===== Entries shown
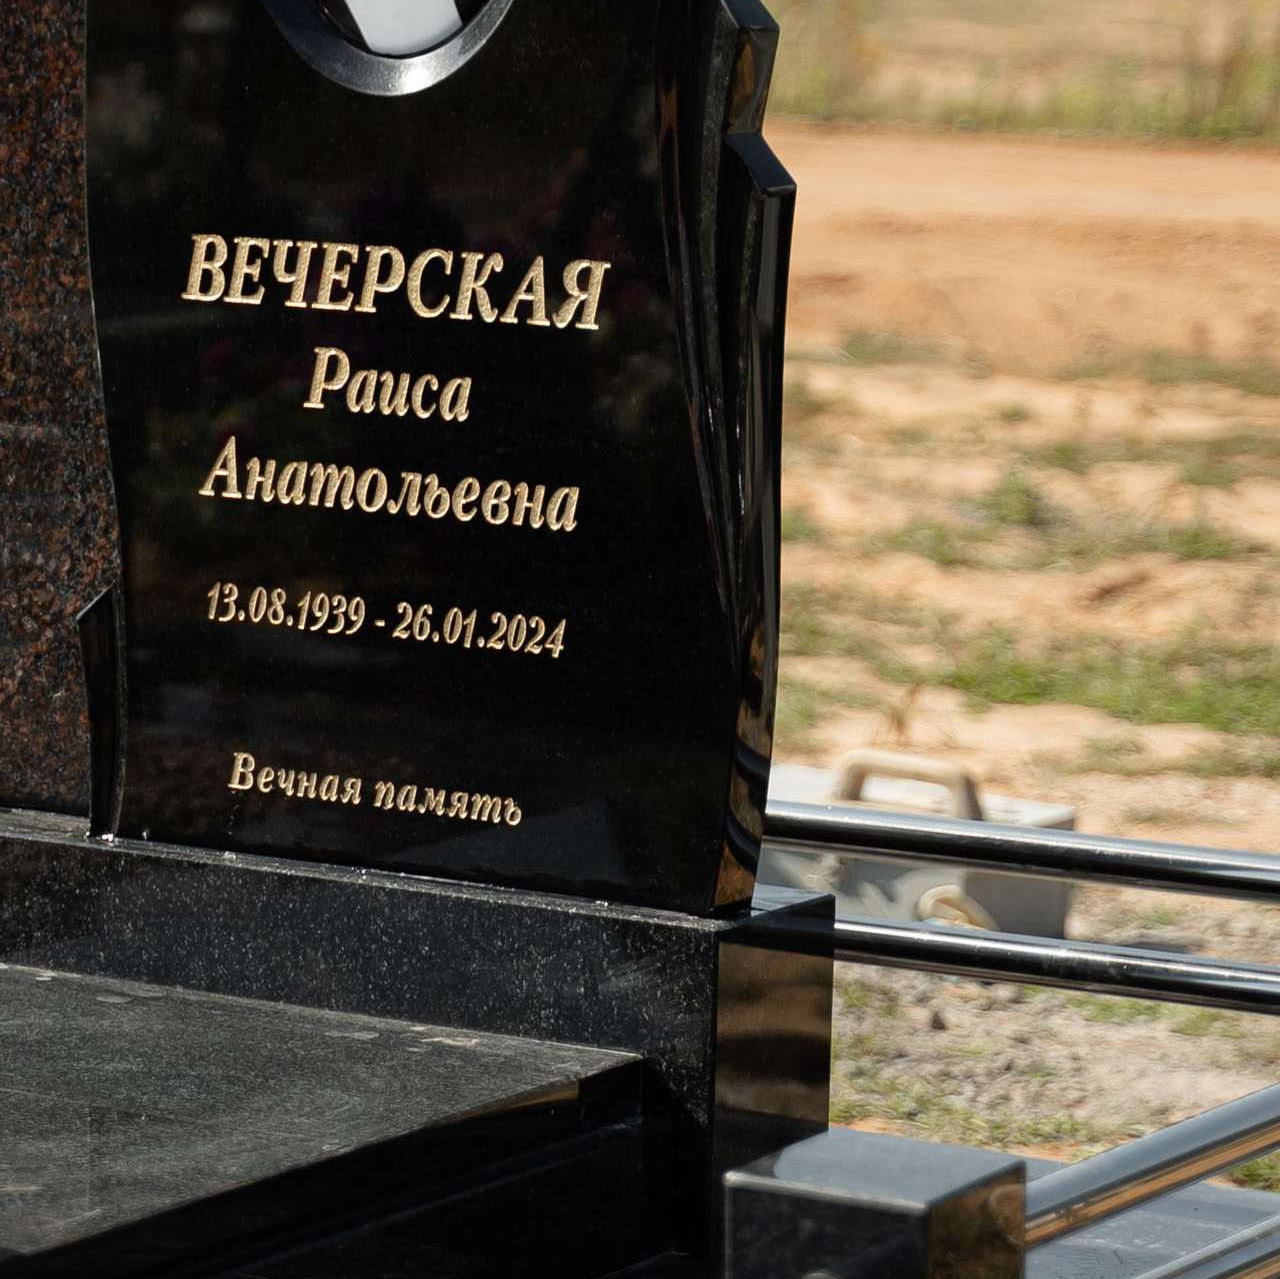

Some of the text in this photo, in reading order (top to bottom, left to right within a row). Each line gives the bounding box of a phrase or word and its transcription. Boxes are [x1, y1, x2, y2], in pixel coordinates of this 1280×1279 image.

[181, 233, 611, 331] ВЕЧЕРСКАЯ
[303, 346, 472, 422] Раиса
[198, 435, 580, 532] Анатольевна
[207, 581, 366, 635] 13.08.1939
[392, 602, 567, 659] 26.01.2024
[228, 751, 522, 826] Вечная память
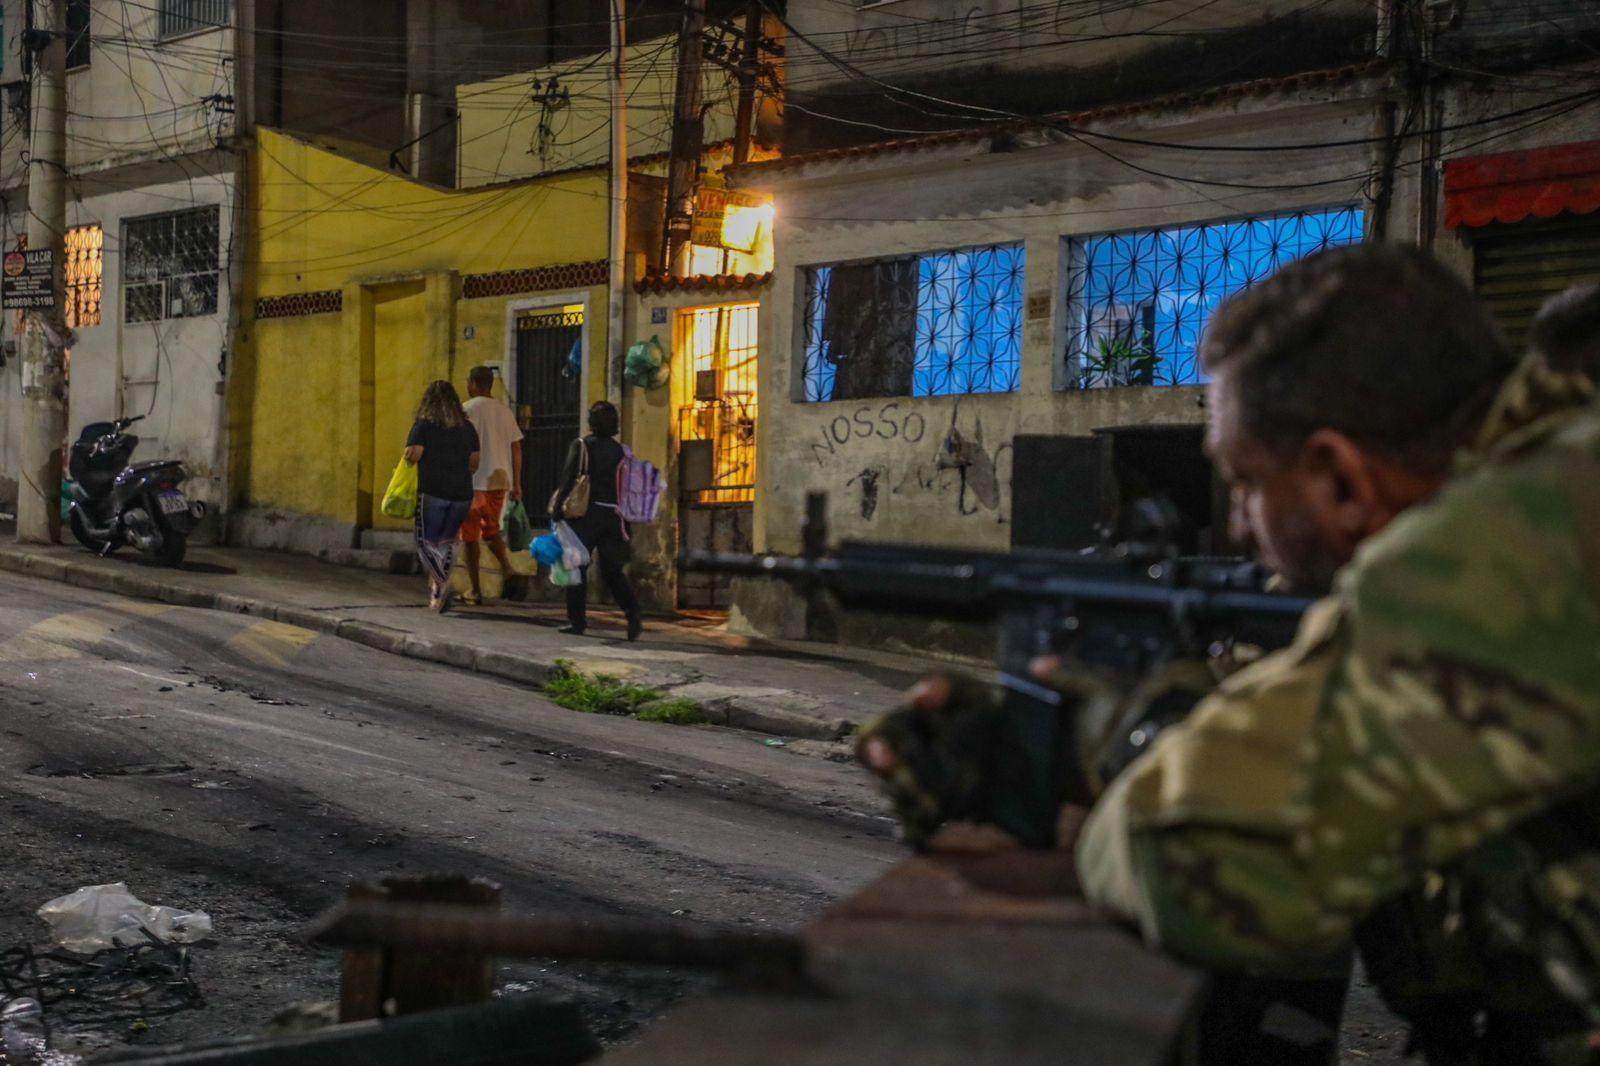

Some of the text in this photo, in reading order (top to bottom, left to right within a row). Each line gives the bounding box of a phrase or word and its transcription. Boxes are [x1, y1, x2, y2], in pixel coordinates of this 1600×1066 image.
==========
● **Exercise prompt**: Return the records above exactly as written. Do not include their images.

● **Answer box**:
Some of the text in this photo, in reading order (top to bottom, left to right within a row). Each line gives the bounding box of a phrase or word and its transcription. Boxes are [x1, y1, x2, y2], in pixel coordinates of this 1280×1279 image.

[181, 233, 611, 331] ВЕЧЕРСКАЯ
[303, 346, 472, 422] Раиса
[198, 435, 580, 532] Анатольевна
[207, 581, 366, 635] 13.08.1939
[392, 602, 567, 659] 26.01.2024
[228, 751, 522, 826] Вечная память

Some of the text in this photo, in reading order (top to bottom, left to right within a row). Each line gives the bounding box of a phrase or word and its transcription. Boxes are [x1, y1, x2, y2], in pixel coordinates of this 1600×1066 image.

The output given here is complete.